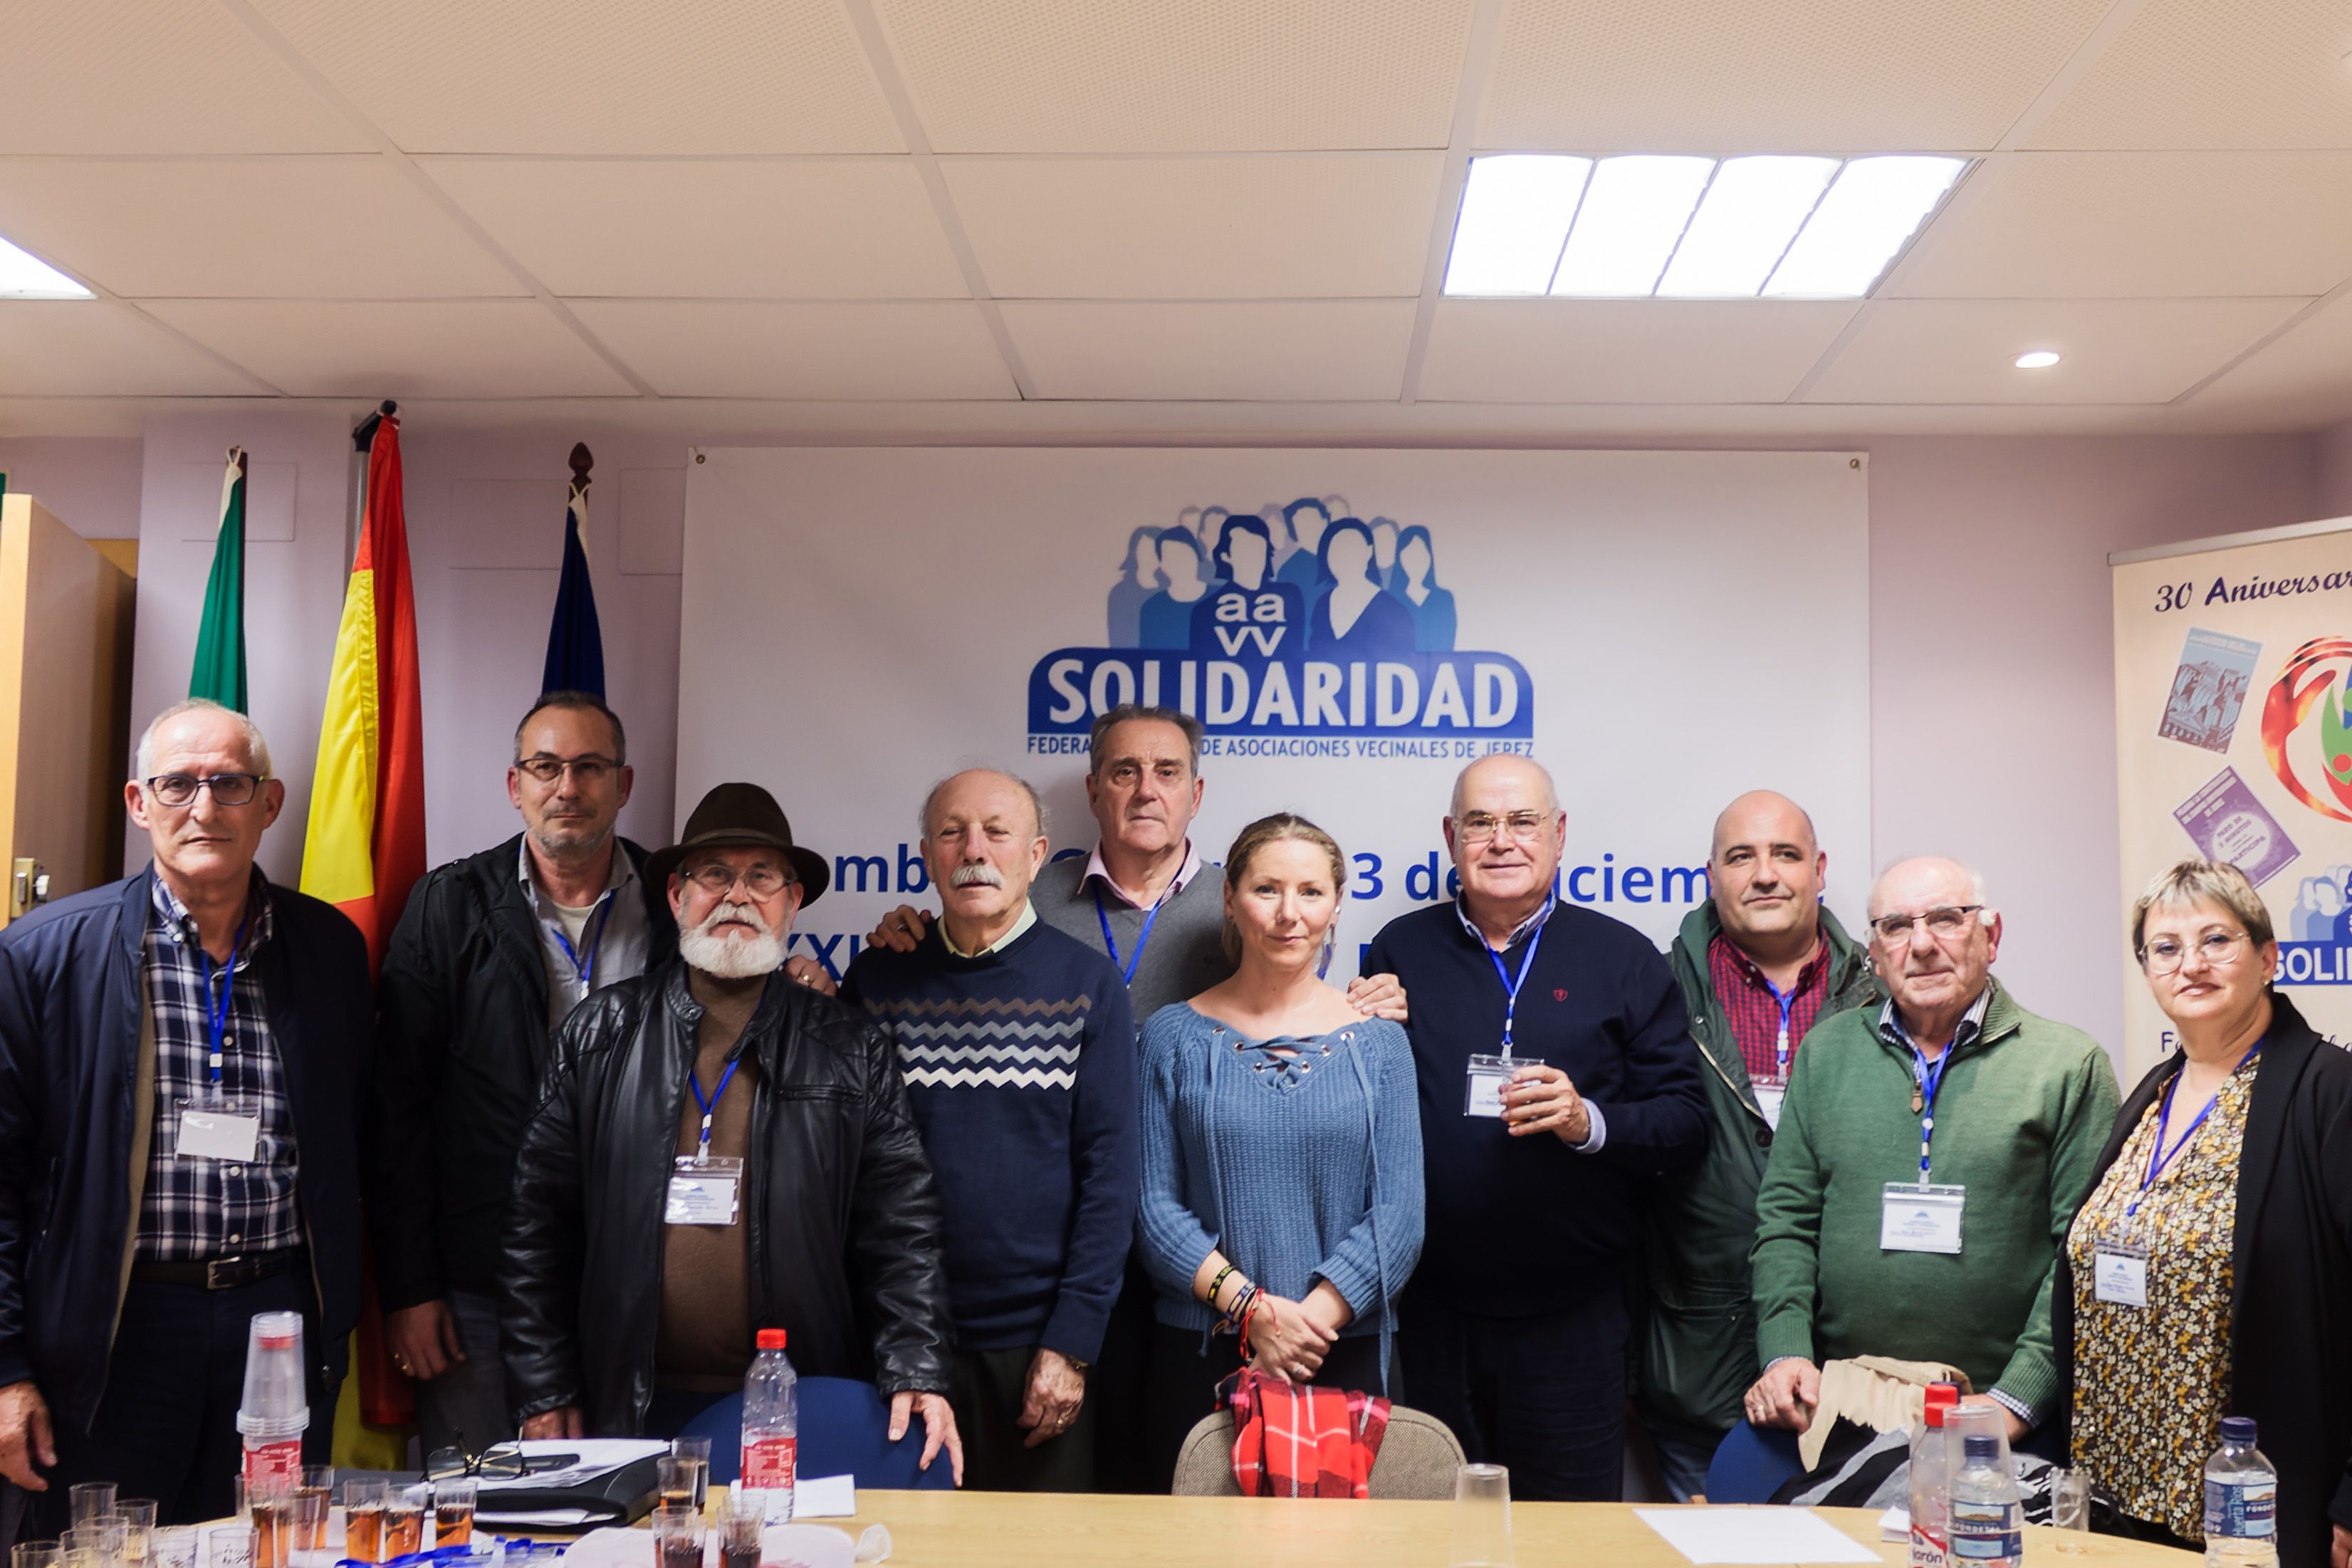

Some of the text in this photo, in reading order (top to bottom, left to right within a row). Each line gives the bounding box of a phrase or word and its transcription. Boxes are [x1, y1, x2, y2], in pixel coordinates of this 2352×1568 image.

[1215, 592, 1287, 623] aa
[2155, 582, 2193, 612] 30
[1047, 659, 1519, 728] SOLIDARIDAD
[1027, 736, 1091, 755] FEDERA
[1201, 738, 1221, 756] DE
[1226, 739, 1350, 757] ASOCIACIONES
[1356, 741, 1448, 758] VECINALES
[1455, 741, 1476, 758] DE

○ ○ ○

*WHAT TO PRODUCE*. From the material above, output every line exactly as written, dropping any picture.

*PROBLEM SOLUTION*.
Some of the text in this photo, in reading order (top to bottom, left to right within a row). Each line gives the bounding box of a phrase or word and its transcription. Boxes are [x1, y1, x2, y2], in pixel coordinates of this 2352×1568 image.

[1215, 592, 1287, 623] aa
[2155, 582, 2193, 612] 30
[1047, 659, 1519, 728] SOLIDARIDAD
[1027, 736, 1091, 755] FEDERA
[1201, 738, 1221, 756] DE
[1226, 739, 1350, 757] ASOCIACIONES
[1356, 741, 1448, 758] VECINALES
[1455, 741, 1476, 758] DE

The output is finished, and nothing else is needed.